Collected data
────────────────────────────────────────
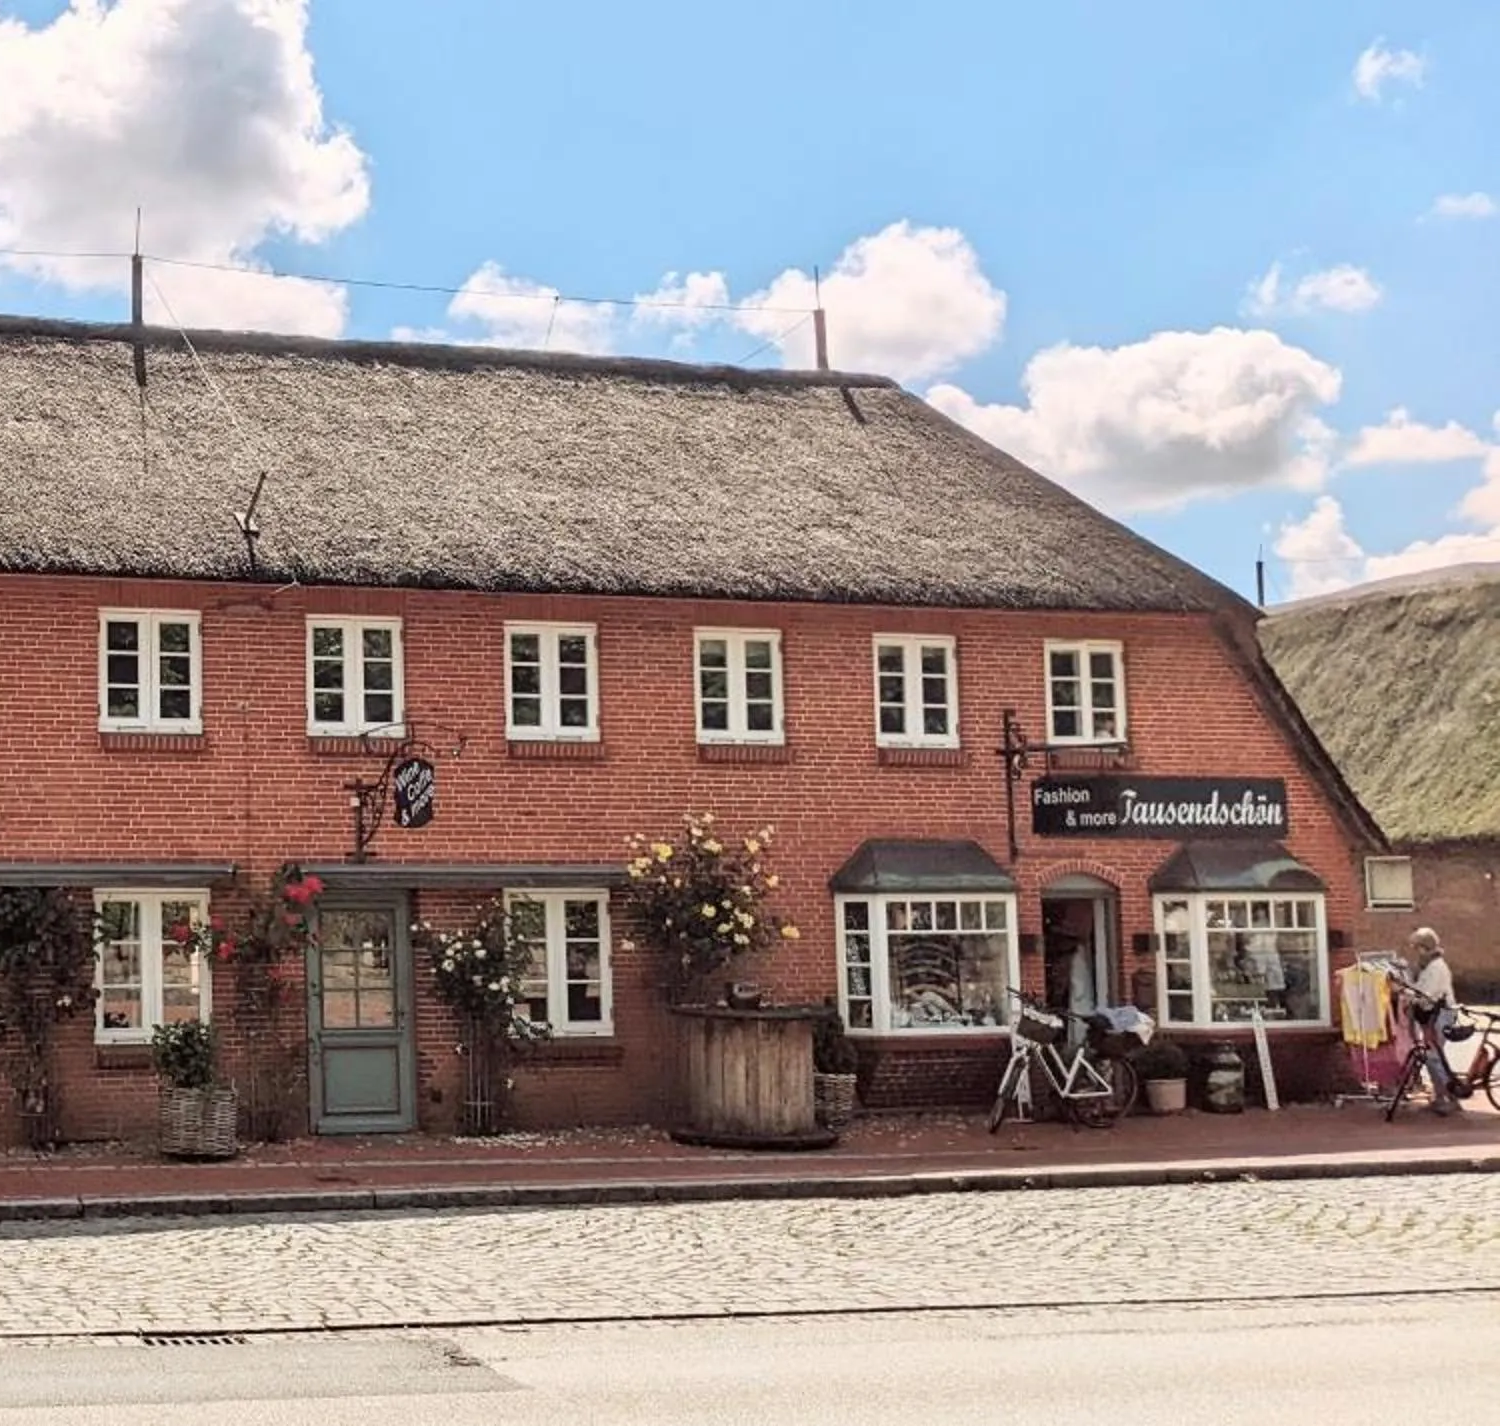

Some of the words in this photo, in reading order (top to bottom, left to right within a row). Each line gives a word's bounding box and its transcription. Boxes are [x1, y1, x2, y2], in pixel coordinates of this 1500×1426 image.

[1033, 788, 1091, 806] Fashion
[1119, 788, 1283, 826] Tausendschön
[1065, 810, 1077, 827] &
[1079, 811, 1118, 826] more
────────────────────────────────────────
Instructions for the task
Your task is to copy the entries in full and exactly, without any images.

Written answer
Some of the words in this photo, in reading order (top to bottom, left to right within a row). Each line gives a word's bounding box and its transcription. Boxes are [x1, y1, x2, y2], in pixel coordinates of this 1500×1426 image.

[1033, 788, 1091, 806] Fashion
[1119, 788, 1283, 826] Tausendschön
[1065, 810, 1077, 827] &
[1079, 811, 1118, 826] more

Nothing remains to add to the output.